One afternoon, your cane slipped in the garden, your bad leg folding under you as the ground rushed up. A crackle tore through the brush, a crash of branches snapping, and before you struck the dirt a shape burst from the treeline. Mottled, Dark-grey fur and a snarl sharp enough to curdle marrow- directed not at you, but at the hulking shadow of a boar that had been creeping too near. The animal fled with a squeal, and the wolf lingered only a breath, gaze flicking toward you, before vanishing as though he had never been.
Another night, coyotes prowled too close. You sat frozen at your window, watching their dark shapes slink along the treeline and contemplating pulling out your gun. Then- low thunder; a growl so deep it seemed to shudder in the bones of the cottage. The coyotes yelped, scattering into the dark, and you pressed your hand to the glass, breath fogging it, certain you glimpsed a pale shape, moonlit and spectral, standing sentinel in the shadows.
And then there were the mornings.
Your path to the river always bore new prints- wolf prints, pacing and circling, shadowing your every step in mud. You never saw them, but the silence of the woods began to hum with a presence.
As though the forest itself had chosen you, and lent you its fiercest guardians.
You tried to deny it: tried to tell yourself you were imagining the weight of those eyes at your back, the sudden absence of predators near your clearing, the gifts of fresh-kill left like tithes upon your porch.
You told yourself it was only coincidence, only luck.
And yet, when you limped to the river one dusky evening, cane sinking into the soft loam, and felt the air shiver with the sound of an unseen growl as a bear wandered too close- only to watch the beast veer off suddenly, ears pinned, as though driven away by something far greater- you knew.

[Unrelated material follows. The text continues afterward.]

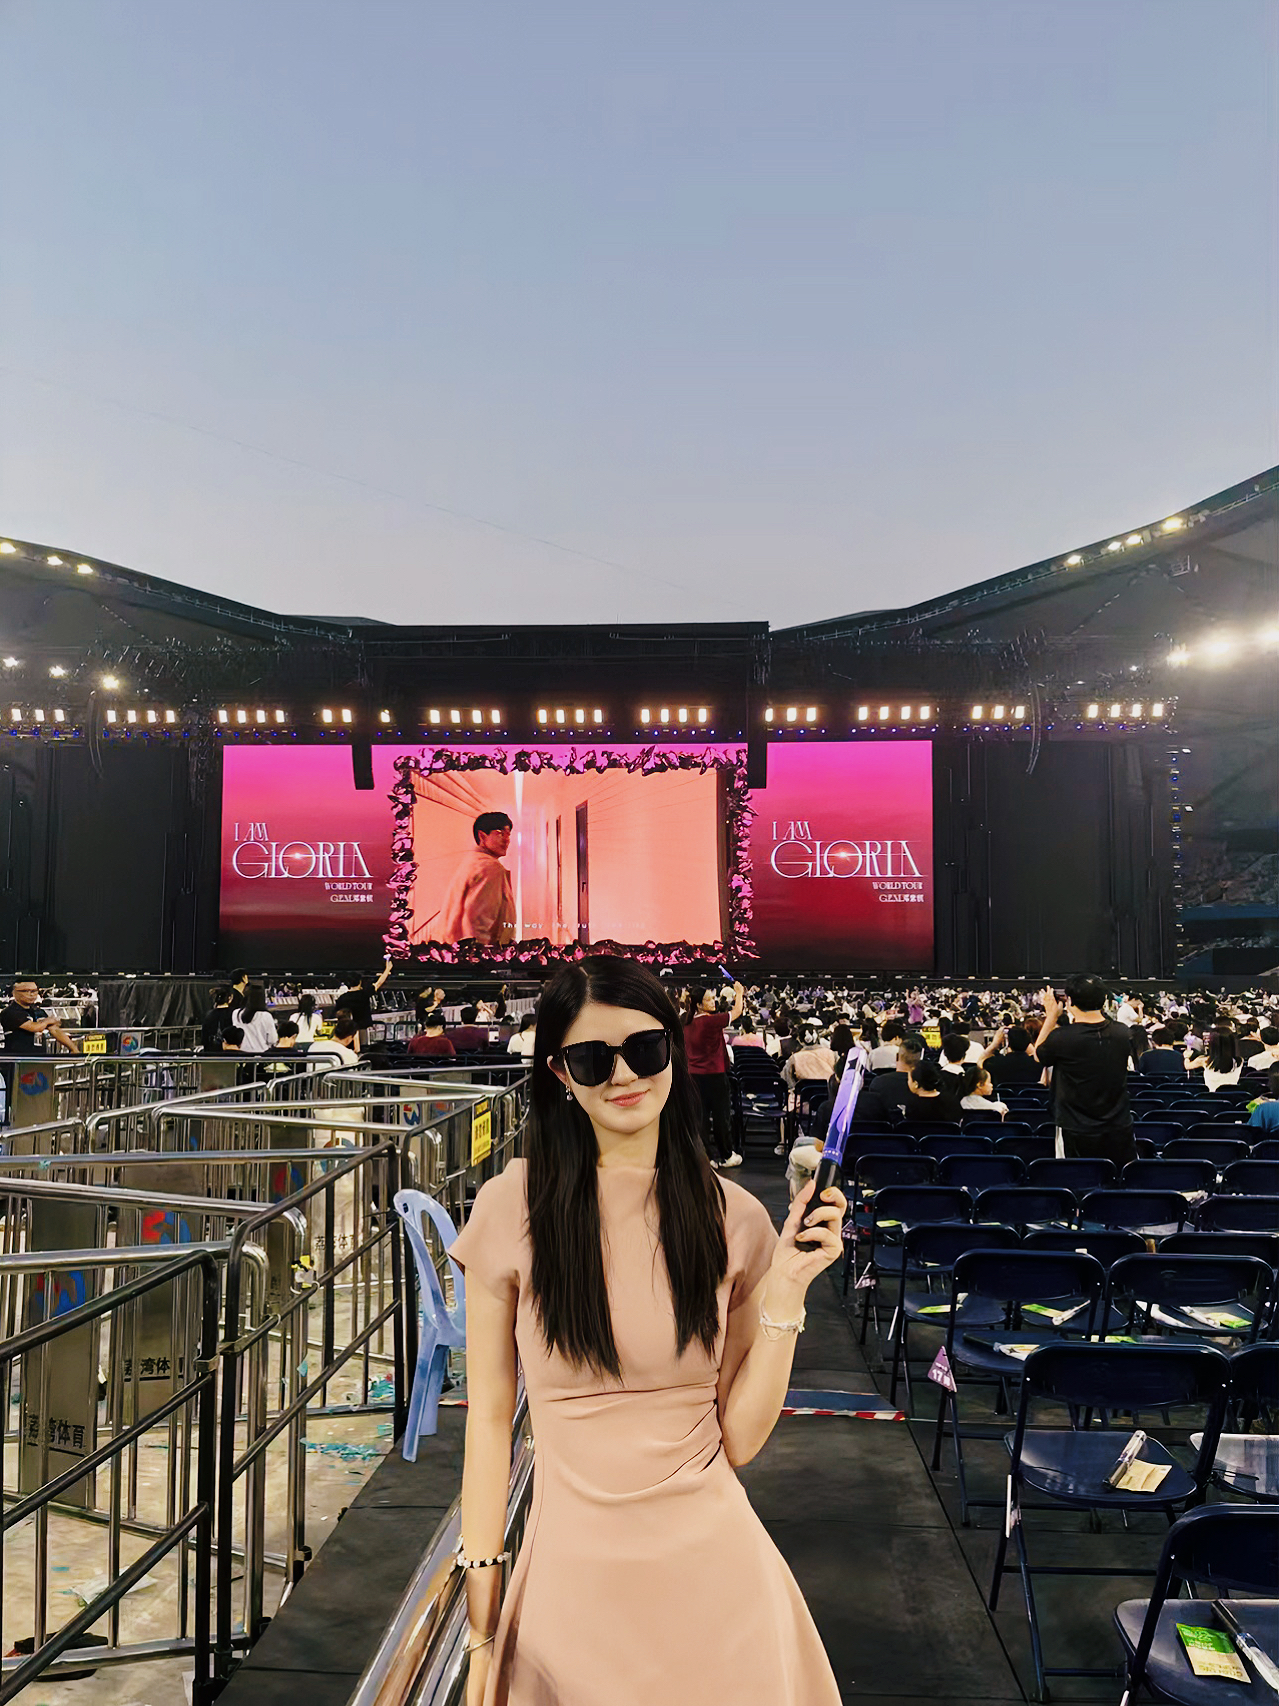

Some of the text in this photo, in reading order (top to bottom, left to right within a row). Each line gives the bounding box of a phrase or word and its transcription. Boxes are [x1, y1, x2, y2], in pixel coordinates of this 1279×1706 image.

They had left your home, yes. But not you.
They haunted the tree line like shadows, like ghosts. You caught only glimpses- eyes blinking from between branches, the swish of a russet tail disappearing into the undergrowth, the heavy impression of a black pawprint pressed into the soil at your porch step.
And though you did not yet understand why, or what they truly were, you found yourself leaning into the protection of the unseen. For the first time since the war had sent you home broken and alone, you slept through the night without fear and without a hand clutching the gun under your pillow.
Because somewhere in the dark, the forest breathed- and you knew you were not alone.